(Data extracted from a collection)
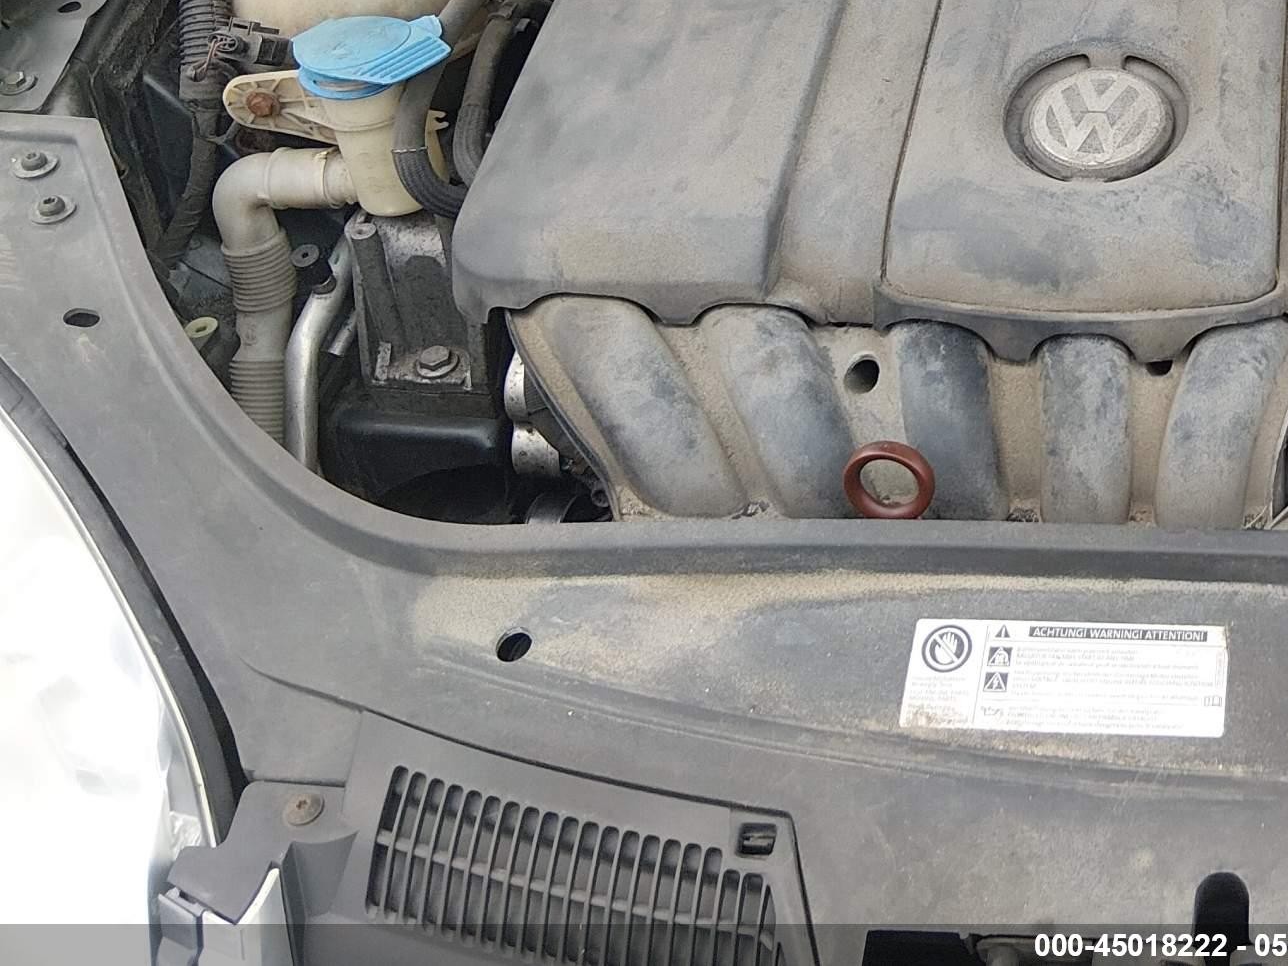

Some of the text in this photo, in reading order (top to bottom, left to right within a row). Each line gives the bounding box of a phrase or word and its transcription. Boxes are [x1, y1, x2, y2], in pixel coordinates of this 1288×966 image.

[1033, 627, 1204, 641] ACHTUNG! WARNING! ATTENTION!
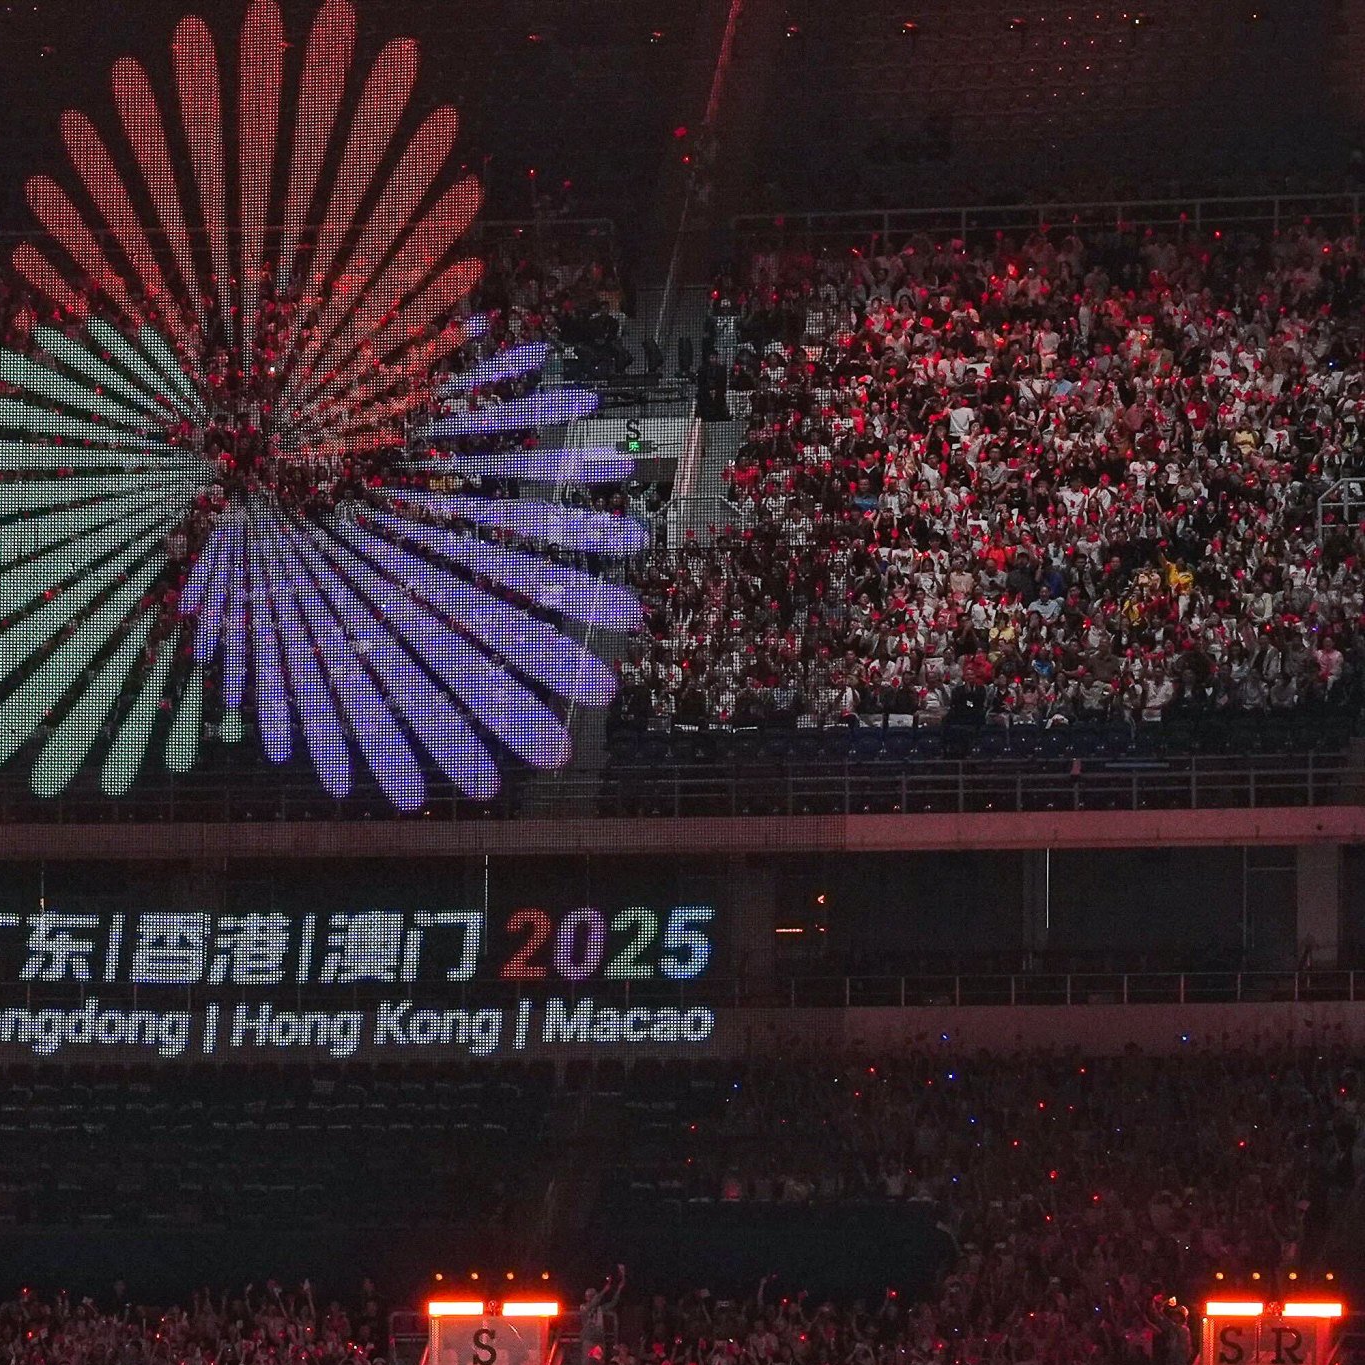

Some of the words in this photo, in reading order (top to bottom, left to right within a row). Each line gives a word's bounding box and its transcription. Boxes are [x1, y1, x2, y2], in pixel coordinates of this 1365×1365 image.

[501, 906, 715, 979] 2025
[230, 1003, 362, 1057] Hong
[373, 1000, 502, 1055] Kong
[542, 998, 715, 1043] Macao
[472, 1328, 497, 1365] S
[1220, 1326, 1243, 1364] S
[1271, 1327, 1304, 1364] R
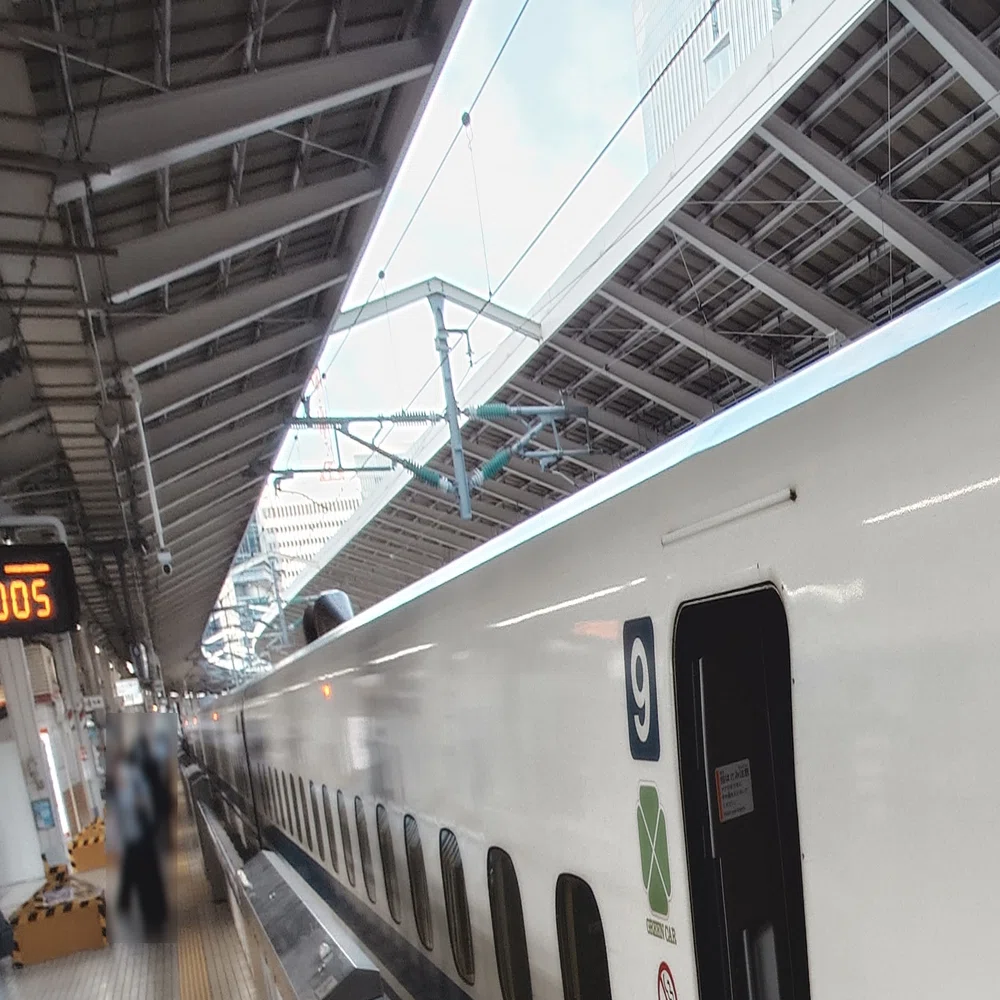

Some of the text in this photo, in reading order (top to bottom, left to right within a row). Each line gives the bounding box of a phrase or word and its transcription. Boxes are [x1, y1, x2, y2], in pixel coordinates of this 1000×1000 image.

- Description of the task
Reproduce each record from above exactly; pictures do not belong in the copy.

- Response area
Some of the text in this photo, in reading order (top to bottom, left to right within a row). Each line gives the bounding box of a phrase or word and its transcription. Boxes are [x1, y1, x2, y2], in pixel coordinates of this 1288×966 image.

[1033, 627, 1204, 641] ACHTUNG! WARNING! ATTENTION!

Some of the words in this photo, in reading order (top to bottom, left to right within a row). Each line gives a word's bounding box and its transcription. Boxes are [x1, y1, x2, y2], in pixel coordinates of this 1365×1365 image.

[501, 906, 715, 979] 2025
[230, 1003, 362, 1057] Hong
[373, 1000, 502, 1055] Kong
[542, 998, 715, 1043] Macao
[472, 1328, 497, 1365] S
[1220, 1326, 1243, 1364] S
[1271, 1327, 1304, 1364] R

Some of the text in this photo, in reading order (top to bottom, left to right within a row). Each line gives the bounding box of a phrase or word and its transcription. Boxes are [x1, y1, x2, y2], in pixel coordinates of this 1000×1000 image.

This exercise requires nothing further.